- _EXERCISE AIM_
The data below is to be written out exactly, with no pictures.

(Image-backed grounding data)
::::::::
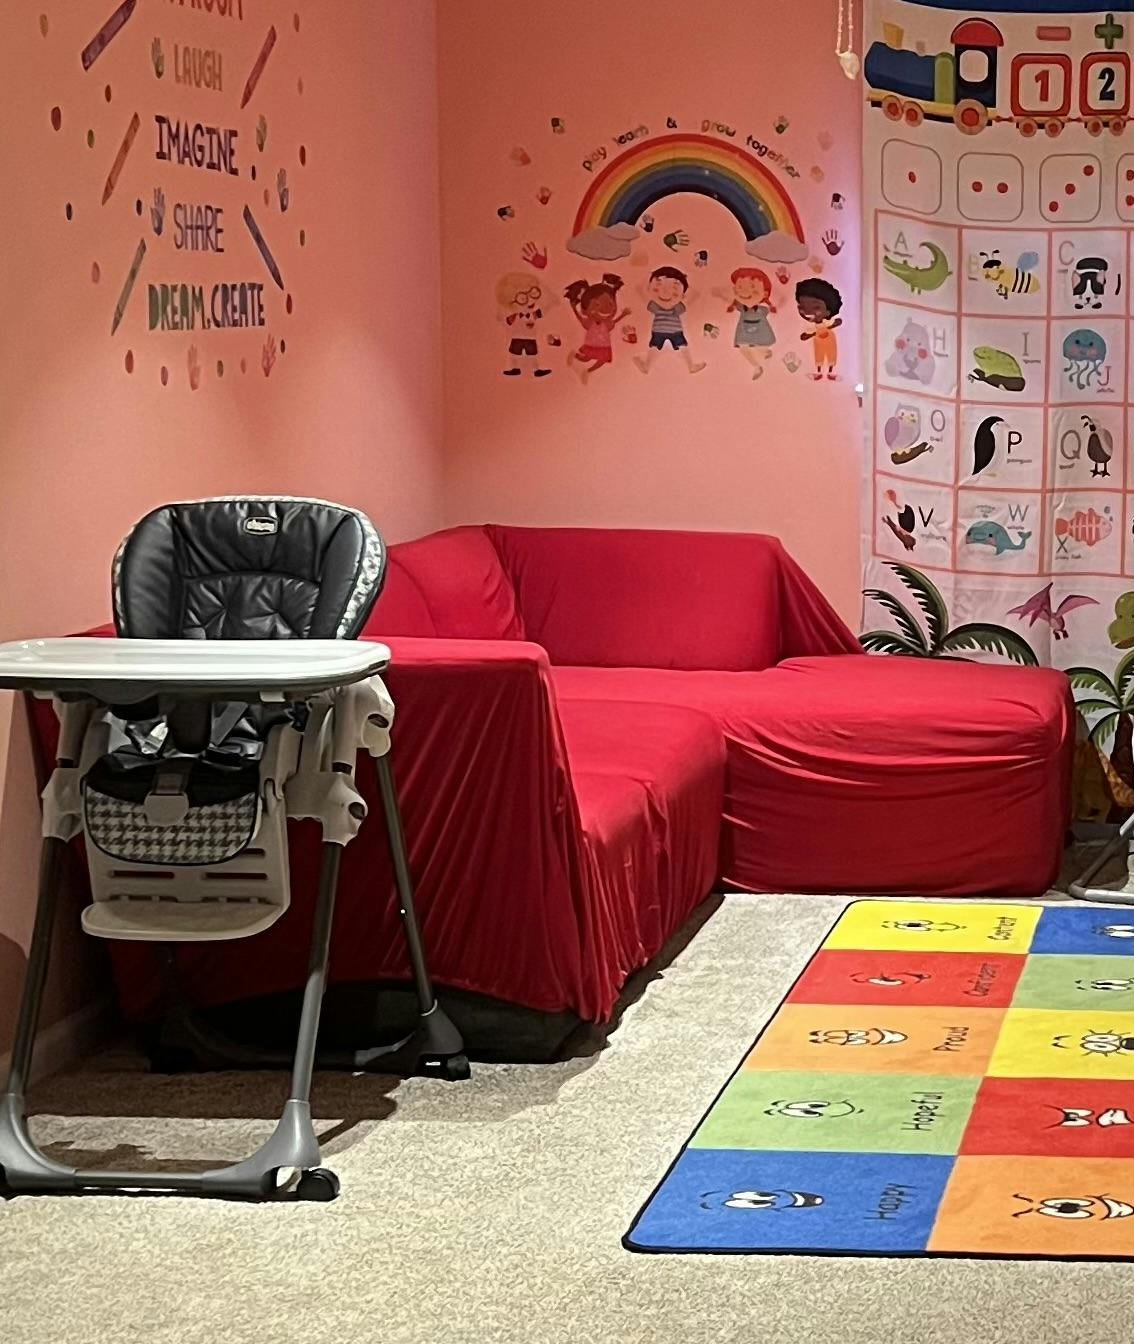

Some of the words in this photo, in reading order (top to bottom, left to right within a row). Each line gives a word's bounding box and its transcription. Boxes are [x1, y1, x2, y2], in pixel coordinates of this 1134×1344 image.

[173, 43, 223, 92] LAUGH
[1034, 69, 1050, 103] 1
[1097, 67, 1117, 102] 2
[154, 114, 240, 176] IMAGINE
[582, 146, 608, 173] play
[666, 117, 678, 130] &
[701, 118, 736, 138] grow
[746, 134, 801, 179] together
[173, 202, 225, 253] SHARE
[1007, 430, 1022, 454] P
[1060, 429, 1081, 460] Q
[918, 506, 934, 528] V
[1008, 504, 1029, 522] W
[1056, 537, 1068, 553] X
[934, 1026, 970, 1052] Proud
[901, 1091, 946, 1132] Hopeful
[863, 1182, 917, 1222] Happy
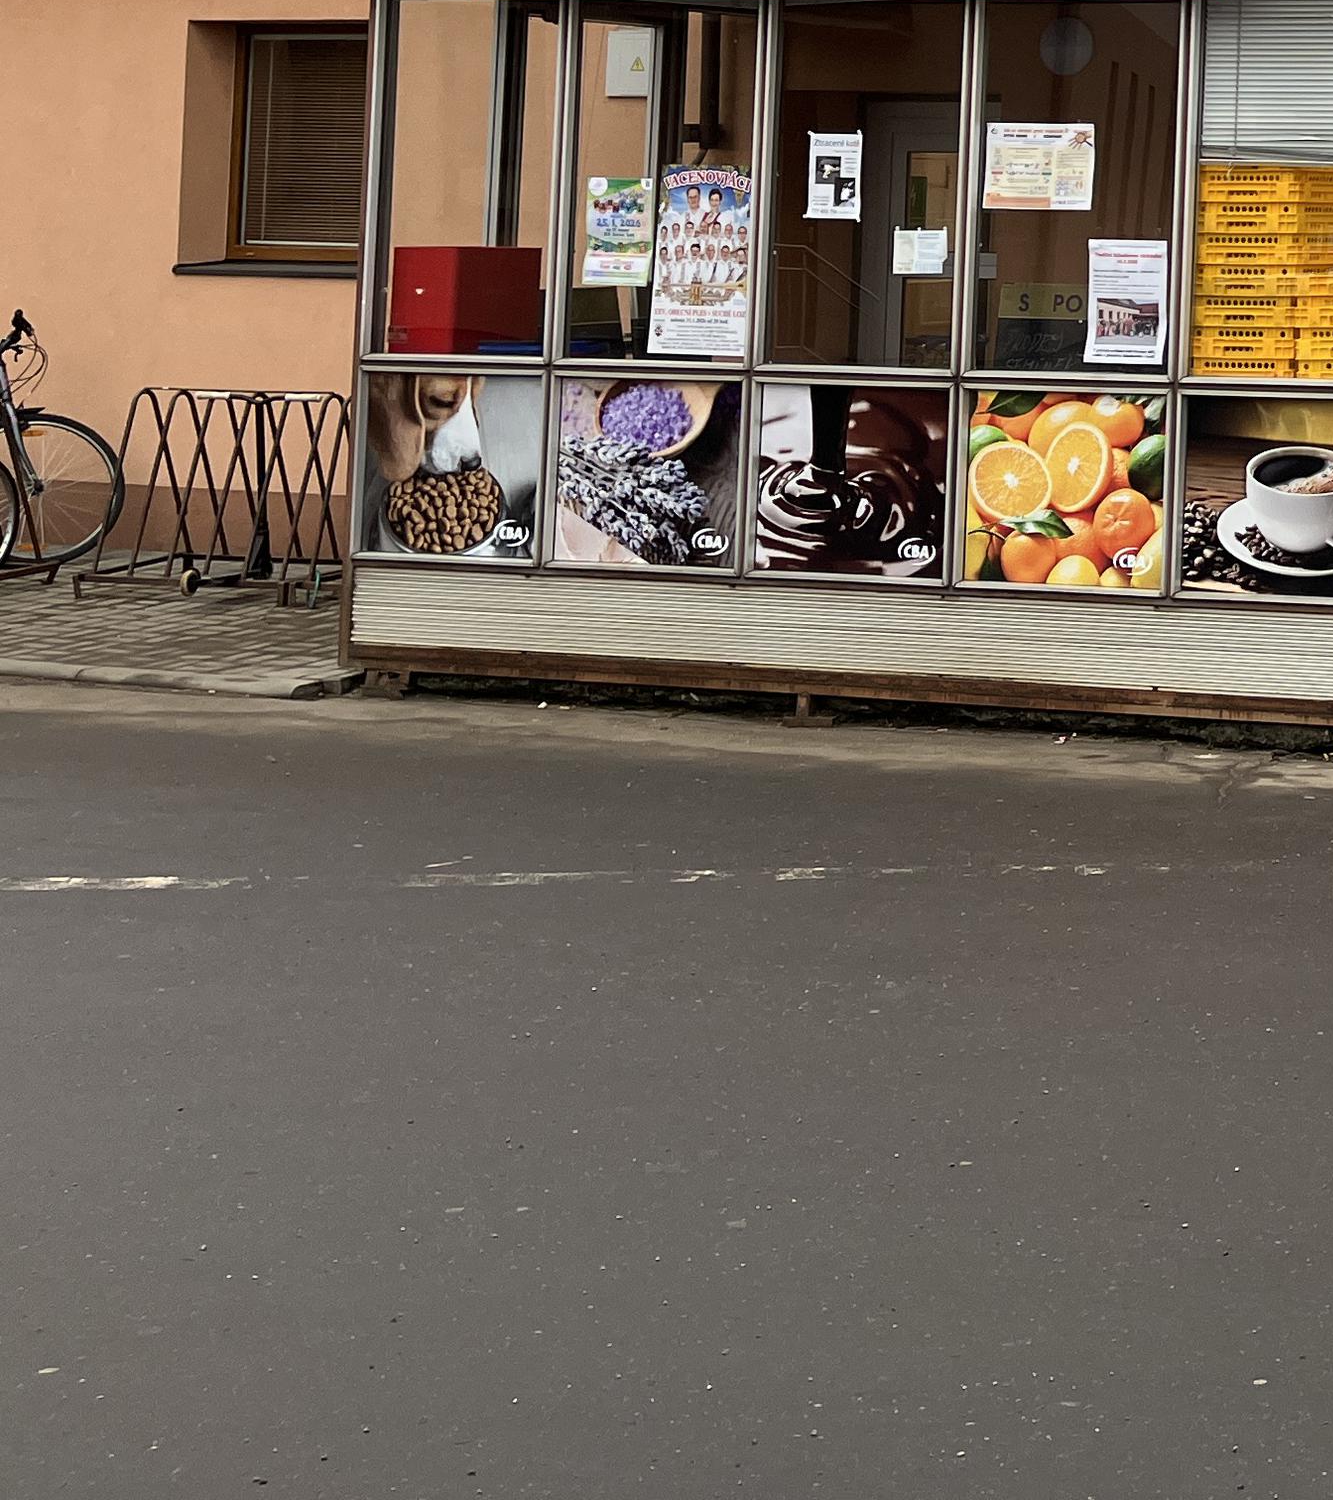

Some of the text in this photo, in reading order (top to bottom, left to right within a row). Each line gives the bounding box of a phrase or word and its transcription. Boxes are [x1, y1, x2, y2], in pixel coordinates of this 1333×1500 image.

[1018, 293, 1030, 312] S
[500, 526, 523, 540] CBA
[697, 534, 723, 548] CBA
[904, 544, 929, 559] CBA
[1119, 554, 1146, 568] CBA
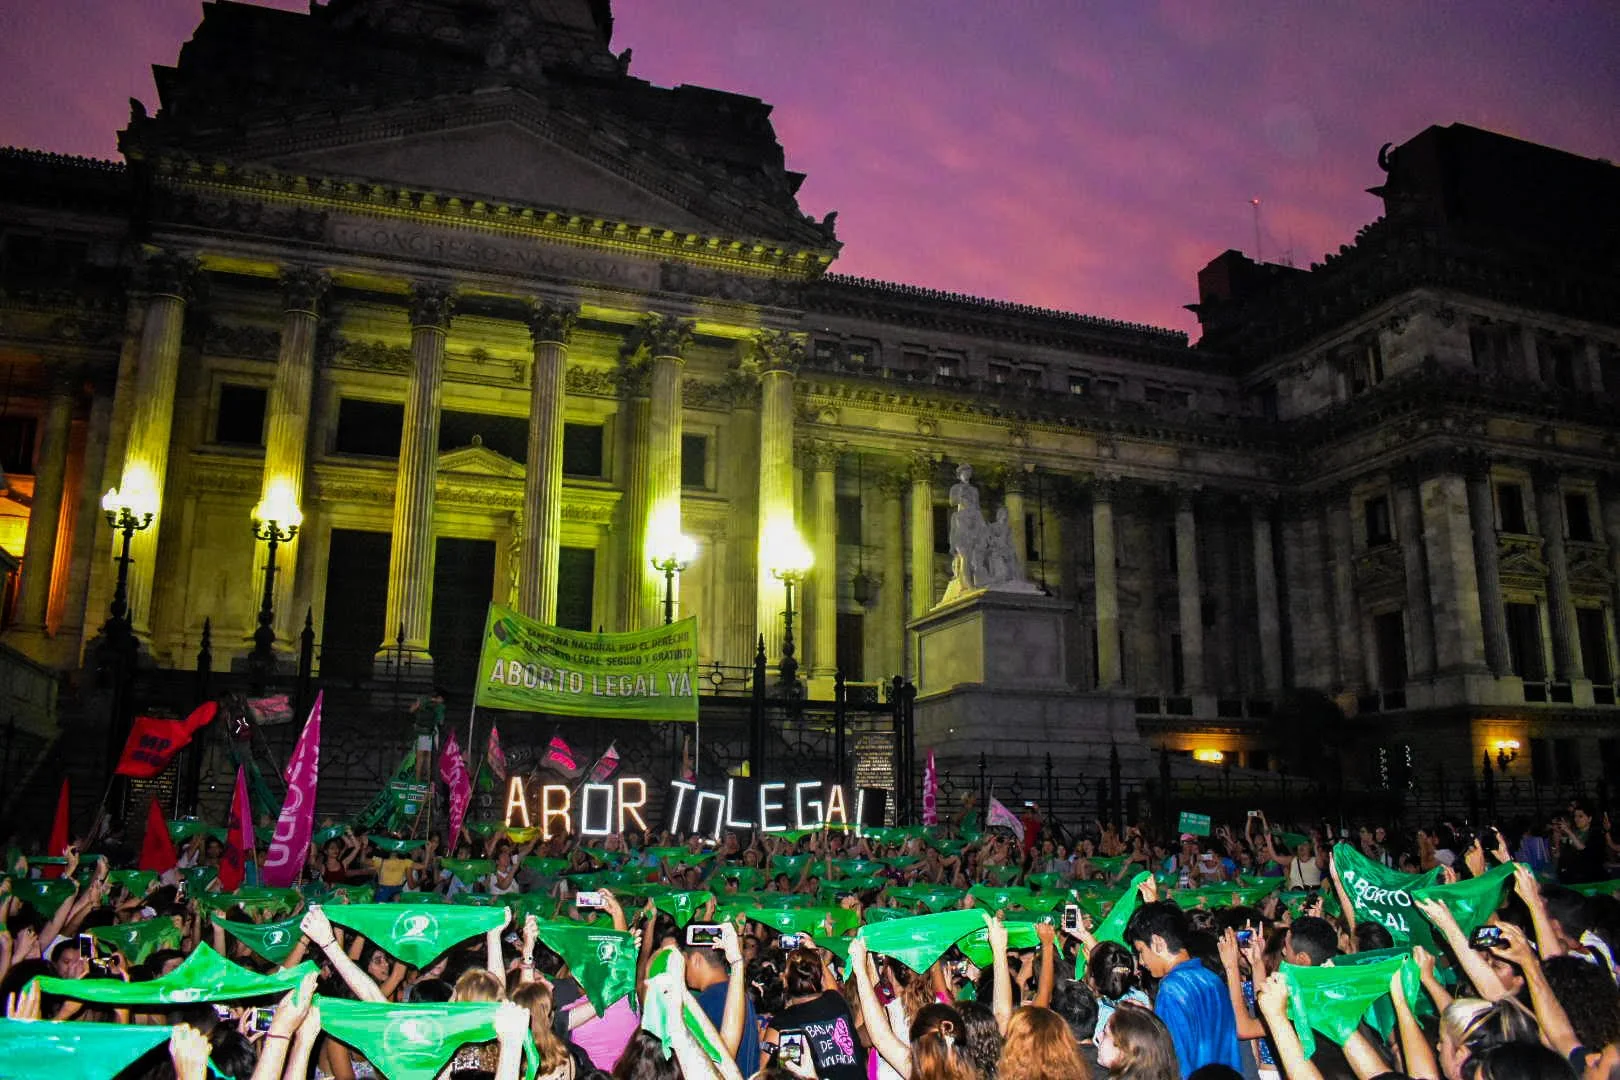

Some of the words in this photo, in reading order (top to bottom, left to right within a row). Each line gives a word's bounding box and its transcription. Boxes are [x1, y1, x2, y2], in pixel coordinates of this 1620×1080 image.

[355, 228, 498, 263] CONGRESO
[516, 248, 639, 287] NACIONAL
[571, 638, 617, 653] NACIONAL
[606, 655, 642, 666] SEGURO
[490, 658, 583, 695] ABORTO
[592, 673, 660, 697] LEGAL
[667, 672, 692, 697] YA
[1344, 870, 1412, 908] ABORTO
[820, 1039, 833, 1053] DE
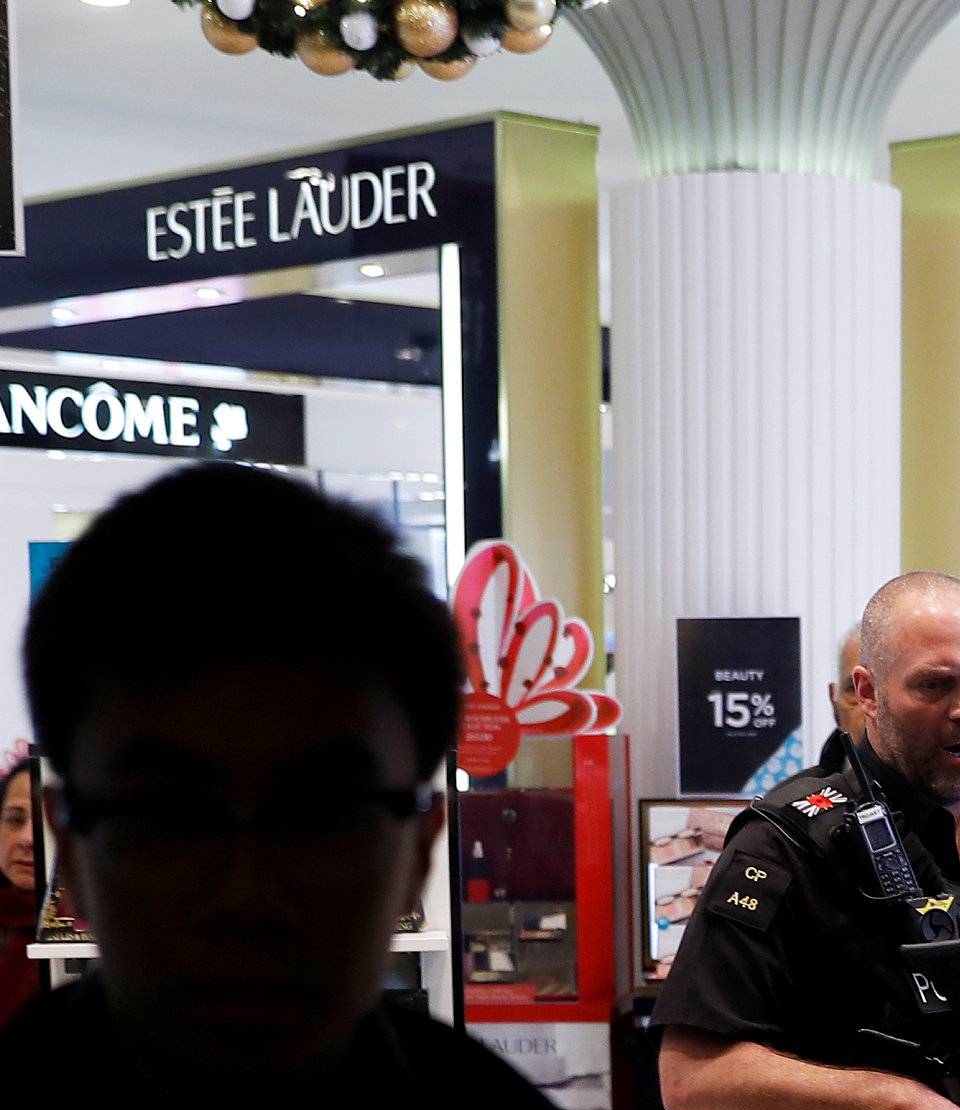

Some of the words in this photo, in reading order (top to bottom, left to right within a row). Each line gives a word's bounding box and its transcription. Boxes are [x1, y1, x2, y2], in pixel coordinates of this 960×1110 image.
::::::::
- _SOLUTION FOR THIS EXERCISE_
Some of the words in this photo, in reading order (top to bottom, left to right within a row). Each line gives a word's bounding box and its transcription. Boxes are [x1, y1, x2, y2], in pixel coordinates of this 1134×1344 image.

[173, 43, 223, 92] LAUGH
[1034, 69, 1050, 103] 1
[1097, 67, 1117, 102] 2
[154, 114, 240, 176] IMAGINE
[582, 146, 608, 173] play
[666, 117, 678, 130] &
[701, 118, 736, 138] grow
[746, 134, 801, 179] together
[173, 202, 225, 253] SHARE
[1007, 430, 1022, 454] P
[1060, 429, 1081, 460] Q
[918, 506, 934, 528] V
[1008, 504, 1029, 522] W
[1056, 537, 1068, 553] X
[934, 1026, 970, 1052] Proud
[901, 1091, 946, 1132] Hopeful
[863, 1182, 917, 1222] Happy

Some of the text in this photo, in reading order (top to bottom, left to right within a row). Each line gives the bounding box of a phrase or word and its transcription. Boxes are [x1, y1, x2, y2], in pixel coordinates of this 1333×1500 image.

[1018, 293, 1030, 312] S
[500, 526, 523, 540] CBA
[697, 534, 723, 548] CBA
[904, 544, 929, 559] CBA
[1119, 554, 1146, 568] CBA

Some of the words in this photo, in reading order (top to bottom, left to right within a row). Each line gives a word's bounding box and its transcription. Boxes are [x1, y1, x2, y2], in pixel coordinates of this 1620×1080 image.

[355, 228, 498, 263] CONGRESO
[516, 248, 639, 287] NACIONAL
[571, 638, 617, 653] NACIONAL
[606, 655, 642, 666] SEGURO
[490, 658, 583, 695] ABORTO
[592, 673, 660, 697] LEGAL
[667, 672, 692, 697] YA
[1344, 870, 1412, 908] ABORTO
[820, 1039, 833, 1053] DE

Some of the words in this photo, in reading order (top to bottom, left to right within a row). Each line gives a word's bounding box and its transcription. Boxes are [x1, y1, x2, y2], in pixel coordinates of this 960×1110 image.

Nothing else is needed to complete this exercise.